Thanks Floyd. We’ve added this to our development backlog to investigate further.
Just updated to Burp v2.1 and the bug is still present. I really feel bad about polling over HTTP :(
We don’t have a ETA for this issue unfortunately.
However, client and server talk TLS version 1.3 to each other (according to Wireshark), which might be something new that could explain why it breaks (maybe the Burp Suite client made some assumptions that do not hold for TLS 1.3).
For example, are multiple clients allowed to connect to the same polling instance at the same time? Because if not, I could image that might be the problem. If TLS sessions are not removed identically, that could be one reason. But this is rather unlikely.
I wonder if "Polling server address resolution" really only does a DNS lookup? I doubt it for some reason, but I might be wrong. Or I just didn't see it because it was answered from the OS cache, this is the most likely explanation. If "Polling server address resolution" would do a full connection to the polling server, this could support the "only one client allowed" theory where this would occupy the connection. But this is again unlikely to be the issue.

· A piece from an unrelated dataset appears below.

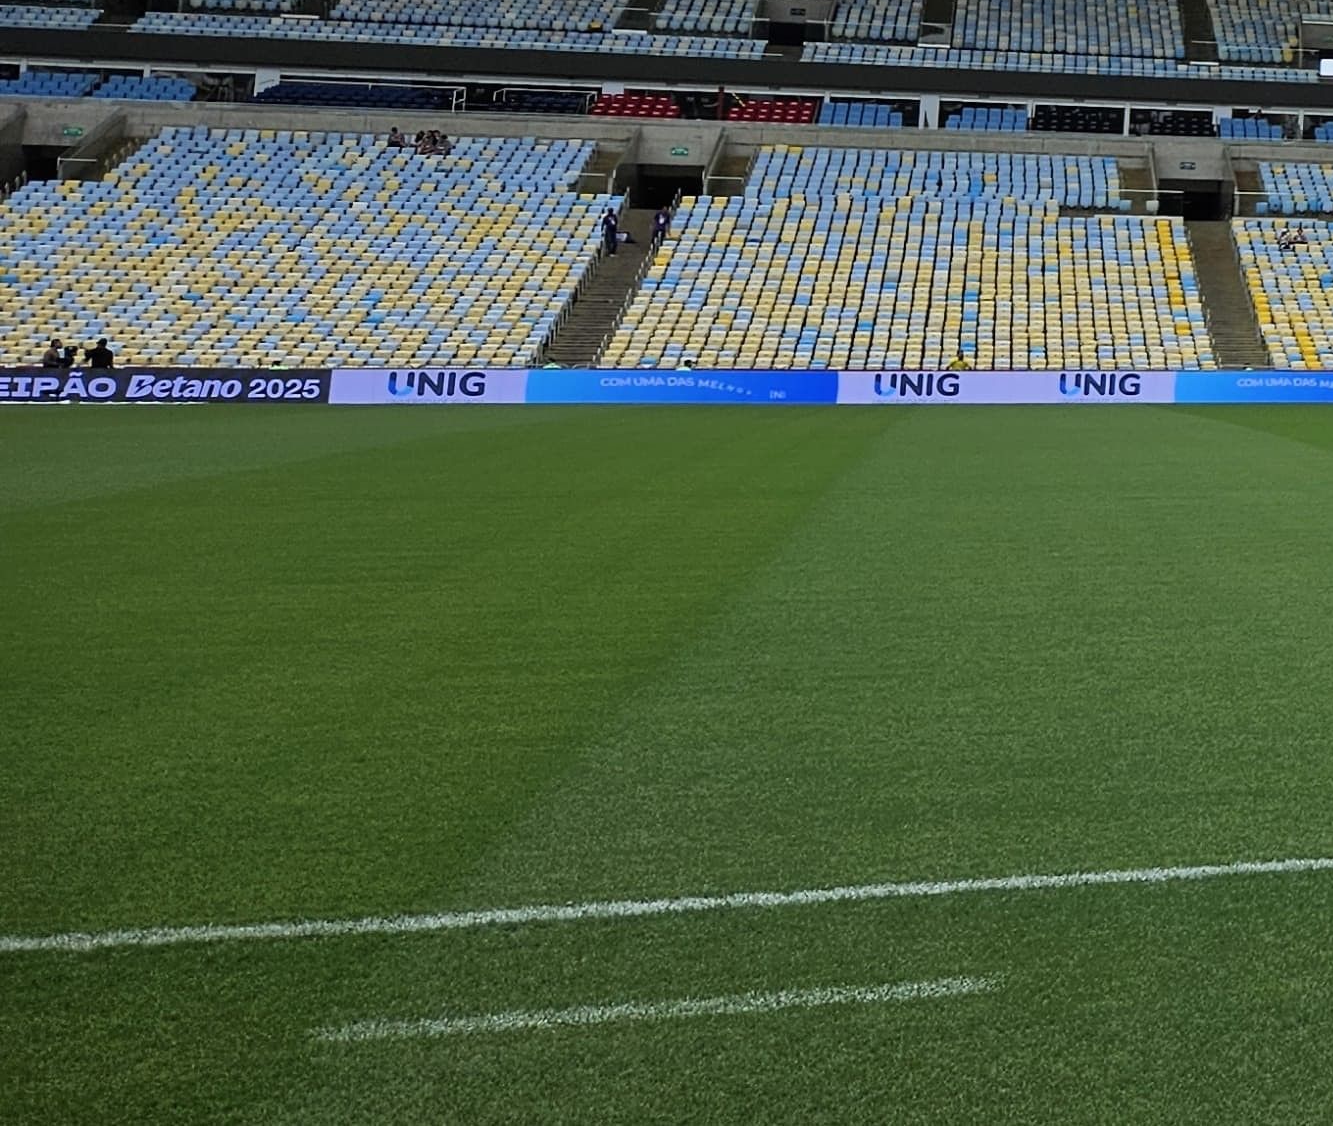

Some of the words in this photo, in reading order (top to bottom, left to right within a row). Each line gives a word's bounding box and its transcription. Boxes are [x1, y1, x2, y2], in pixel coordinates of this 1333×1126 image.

So here comes the most likely theory:
Maybe this problem only occurs on new servers that support TLS 1.3? That obviously depends on the Java version. But as Burp Collaborator doesn't have a built-in Java version yet (see https://portswigger.net/burp/documentation/collaborator/deploying#installation-and-execution where it just says "sudo java -Xms10m -Xmx200m -XX:GCTimeRatio=19 -jar burp.jar --collaborator-server"), people use different Java versions. I have "openjdk 11.0.4 2019-07-16" here, that supports TLS 1.3. Now in my case they will choose Cipher Suite: TLS_AES_128_GCM_SHA256 (0x1301) and will choose secp256r1 as the "key share" algorithm (how they provide the authentication, which is failing in our case). Now I would guess that there is some Burp Suite code that checks the server's "certificate", however, that works a little different in TLS 1.3.

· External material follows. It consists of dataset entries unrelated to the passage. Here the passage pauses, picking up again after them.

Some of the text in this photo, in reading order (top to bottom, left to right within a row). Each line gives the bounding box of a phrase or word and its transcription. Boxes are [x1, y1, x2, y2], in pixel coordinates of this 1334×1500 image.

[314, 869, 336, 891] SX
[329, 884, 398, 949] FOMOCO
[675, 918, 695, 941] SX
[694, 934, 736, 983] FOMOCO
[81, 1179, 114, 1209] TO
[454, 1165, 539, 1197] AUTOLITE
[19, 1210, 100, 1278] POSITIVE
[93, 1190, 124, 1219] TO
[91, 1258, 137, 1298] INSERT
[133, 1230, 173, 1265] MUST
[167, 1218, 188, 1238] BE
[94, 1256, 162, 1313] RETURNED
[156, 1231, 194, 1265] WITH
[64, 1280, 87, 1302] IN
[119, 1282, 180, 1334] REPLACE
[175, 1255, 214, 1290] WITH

Hint: If you are looking at TLS 1.3 for the first time in Wireshark as I do, better have a look at https://networkengineering.stackexchange.com/questions/55752/why-does-wireshark-show-version-tls-1-2-here-instead-of-tls-1-3 first. There is also no cleartext certificate name visible in the server hello, instead there is a "key share" extension.
So do you check the server certificate in your code "manually" or additionally? Are you sure that works for TLS 1.3?
If somebody could have a look I would appreciate it.
Thanks for following up with such a detailed response.
I’ve passed your message to the development team. We’ll update you when this issue has been investigated.